■ Try it:
Leave the pictures out and repeat the rest of the data below exactly.

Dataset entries
######

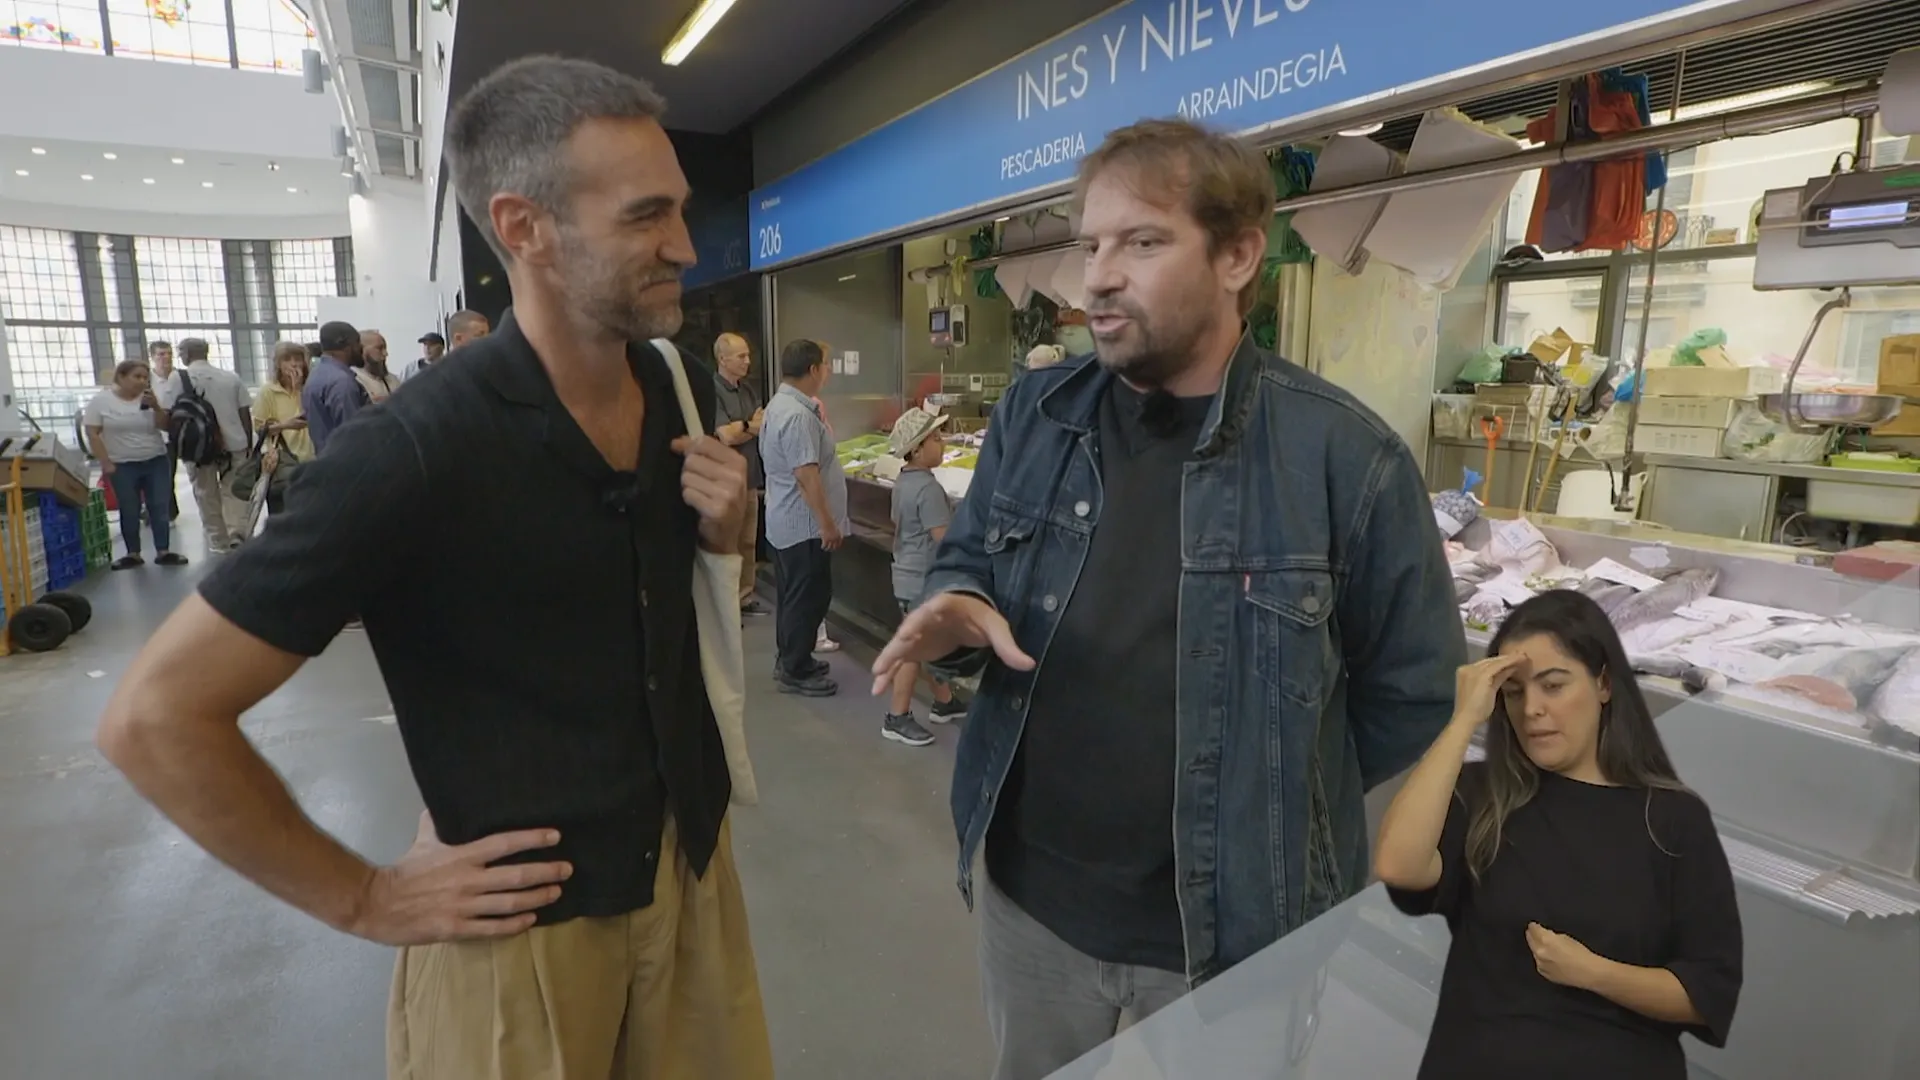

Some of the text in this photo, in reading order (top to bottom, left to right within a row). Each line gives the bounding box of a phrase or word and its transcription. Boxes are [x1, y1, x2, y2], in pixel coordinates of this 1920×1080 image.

[1017, 0, 1310, 121] INES Y NIEV
[1177, 43, 1347, 120] ARRAINDEGIA
[1001, 132, 1085, 180] PESCADERIA
[759, 222, 782, 258] 206

######

■ Solution to this task:
Some of the text in this photo, in reading order (top to bottom, left to right within a row). Each line gives the bounding box of a phrase or word and its transcription. Boxes are [x1, y1, x2, y2], in pixel coordinates of this 1920×1080 image.

[1017, 0, 1310, 121] INES Y NIEV
[1177, 43, 1347, 120] ARRAINDEGIA
[1001, 132, 1085, 180] PESCADERIA
[759, 222, 782, 258] 206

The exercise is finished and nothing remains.